Based in Sydney, Australia, Foundry is a blog by Rebecca Thao. Her posts explore modern architecture through photos and quotes by influential architects, engineers, and artists.

On Captioning Social Video

On Captioning Social Video

For years, TikTok users have been asking TikTok to add a captioning feature to the social video making app. TikTok so far has ignored the requests. It is frustrating, for sure, since the TikTok video making features are actually pretty advanced and robust.

I make it a point to caption all of my videos. It is a lot of work regardless of which option I use outside of the framework of TikTok to make my daily videos. Here are just a few of the options I’ve used since joining the app at the start of quarantine:

  1. Captioning by hand in the TikTok app. There’s an option to add text in boxes in the app. You can’t pause the video once you’re in this feature, so a lot of captioning is done quickly with a phone keyboard in small bursts, with up to 59 seconds of wait time before you can finish that sentence. Only so many words can realistically fit on the screen and only so many boxes can be used in a single video. It’s awful.

  2. Create a video in TikTok, publish it as a private video, download the video with the obnoxious TikTok watermark, run it through an external captioning program, reupload the video to TikTok, and release it that way. I hate that watermark so much.

  3. Film the video outside of TikTok, edit it with a second app, caption it with a third app, upload it to TikTok, and have it sit in TikTok timeout jail because the app flags videos made outside of the app for additional review before releasing them to the general population. This is, sadly, the most efficient method of creating videos and it results in your content never reaching a wide audience because you miss the critical first hour of views and interaction after publishing.

I don’t even want to get into how inaccurate every auto-captioning app. The advantage to those instead of starting from scratch is the auto-captioning apps building the SRT.txt file timings for you. A 59 second video takes me at least 10 minutes to accurately caption with the limitations of speech to text technology.

I bring this up at all because Instagram, the worst social video app in the world, introduced in-app captioning yesterday. The app that can do this is Threads by Instagram. Originally designed as a kind of private messenger/Snapchat clone, Threads limits the audience for messages to who you want them to be seen by. Threads also has a robust, in-app captioning featuring now that works surprisingly well. It’s not the most accessible as you have to press and hole the record button to shoot the video, but if you can do that, the captions appear on their own.

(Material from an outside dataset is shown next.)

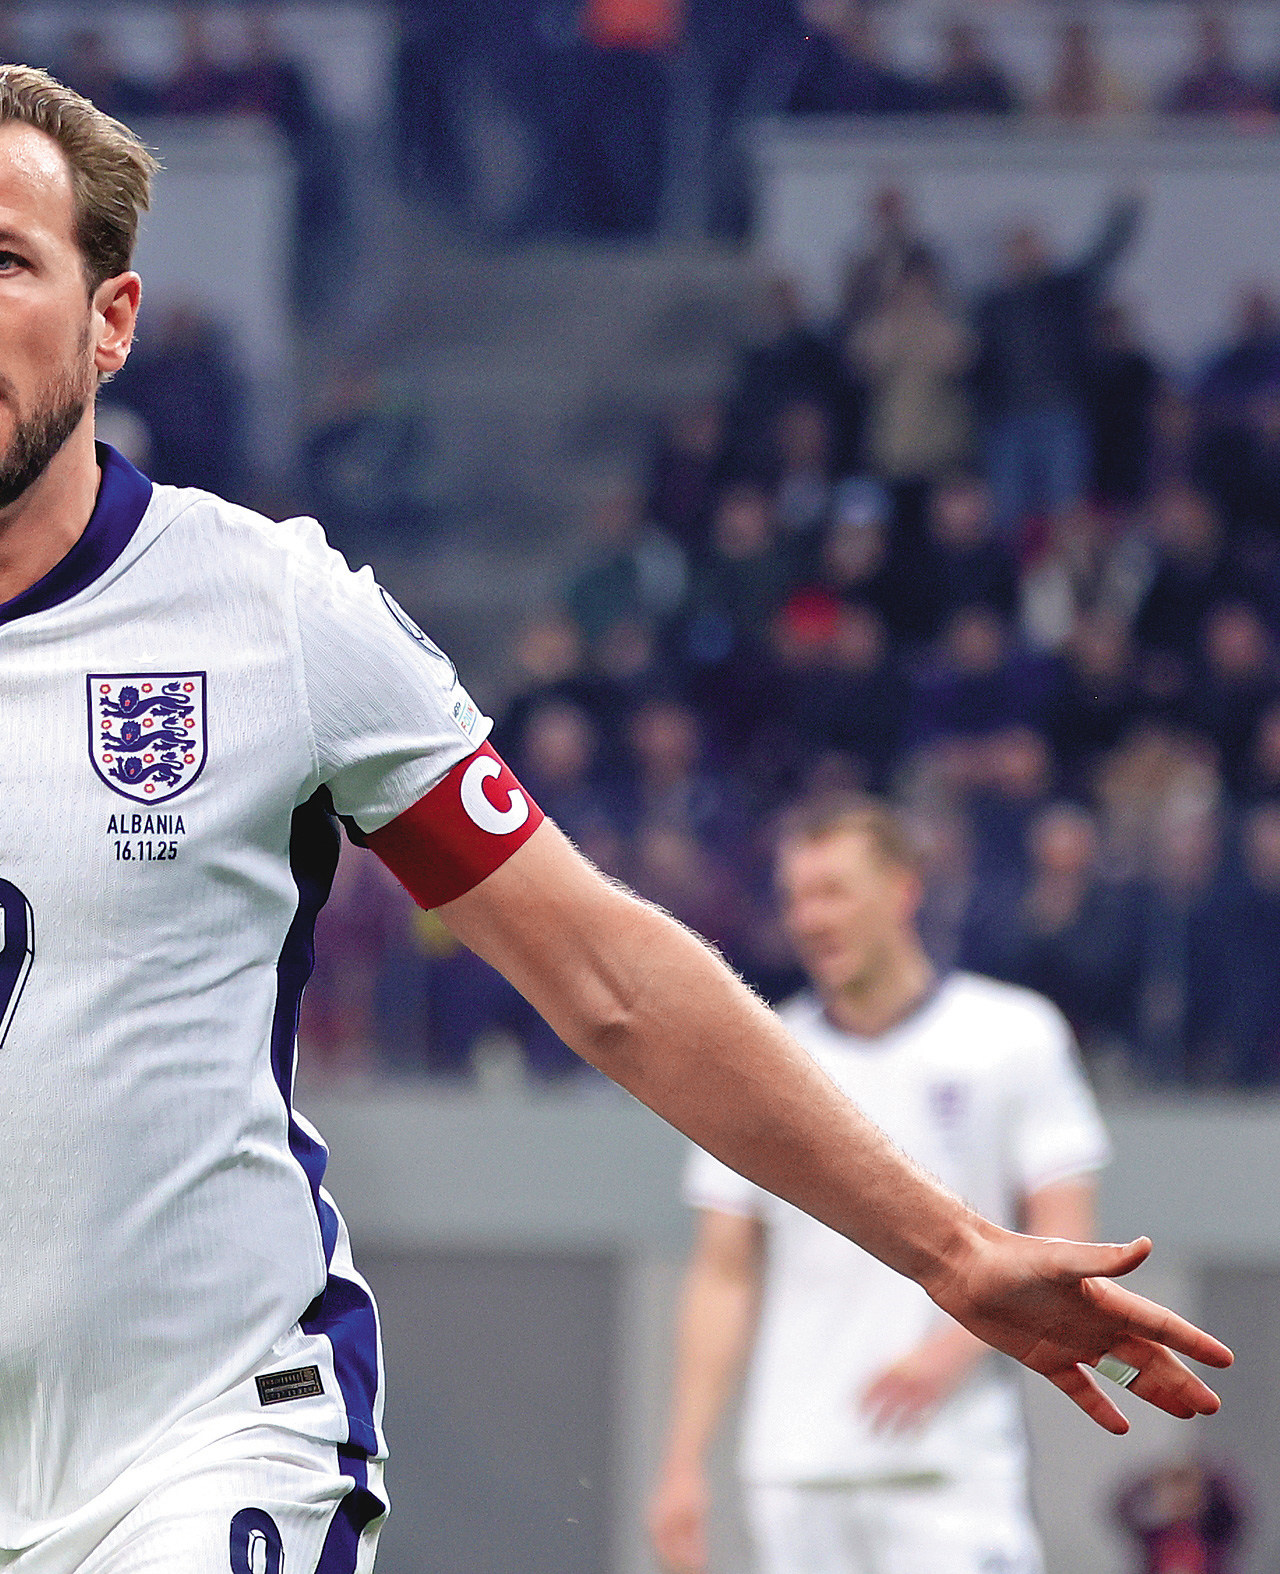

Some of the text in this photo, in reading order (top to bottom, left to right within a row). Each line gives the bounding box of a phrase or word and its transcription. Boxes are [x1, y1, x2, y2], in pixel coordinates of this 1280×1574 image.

[460, 755, 529, 835] C
[107, 814, 185, 834] ALBANIA
[114, 841, 177, 861] 16.11.25
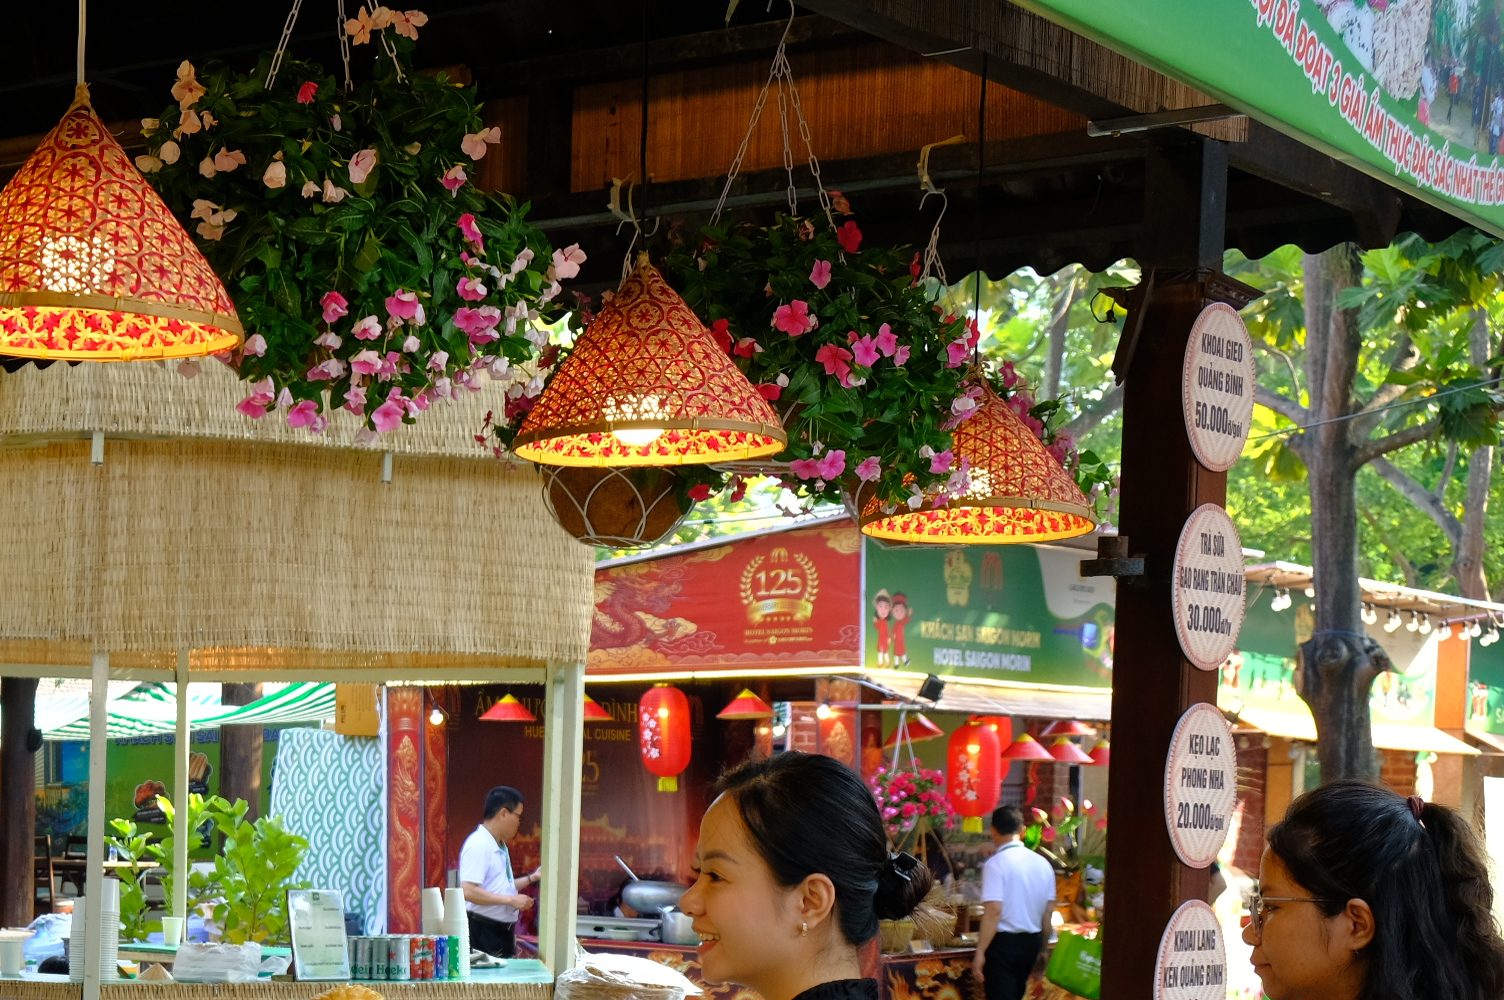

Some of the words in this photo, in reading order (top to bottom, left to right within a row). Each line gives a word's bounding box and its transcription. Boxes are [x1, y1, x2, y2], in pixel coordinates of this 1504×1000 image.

It took three months of Instagram Reels existing for Instagram/Facebook to hear the users and add in captioning options on their platform. It’s easy to import Threads to any other Instagram feature, including Reels. It’s actually pretty great. It captions while you record and even censors out bad words with bleeps and random special characters. I think the inconsistent font size and follow the bouncing ball style captions can be distracting for some people, but it’s a starting point.

It’s definitely better than TikTok’s one-two punch of not caring about accessibility on their app. The first punch is the lack of captioning; the second punch is still enforcing a policy that actively suppresses content by disabled creators.

Don’t ever forget about that. To solve bullying on the app, TikTok actively suppresses content from marginalized communities, so disabled, fat, queer, and BIPOC creators aren’t seen enough to be bullied. The app is filled with white supremacist content in the right corners, but heaven forbid we moderate people campaigning for the destruction of non-white people. No, it’s better to ignore them and actively punish people for what they look or sound like on the app.

Anyway, expect TikTok to finally care enough to offer some broken captioning system in the next month or so since so many big creators are straight up using Reels to film in now and letting their audience know. I prefer more control, so I will continue to use apps like Clipomatic (automatically generates captions word by word that appear one at a time on the screen), MixCaptions (automatically generates captions that appear in a more tradition closed captioning format but can be moved on screen), Kapwing (web based suite of video editing apps including captioning), and ContentFries (web based social video creation/editing app that resizes your content for TikTok, Instagram, YouTube, etc. and offers captioning options) to caption my videos.

Accessibility matters and sometimes we have to fight dirty to get it.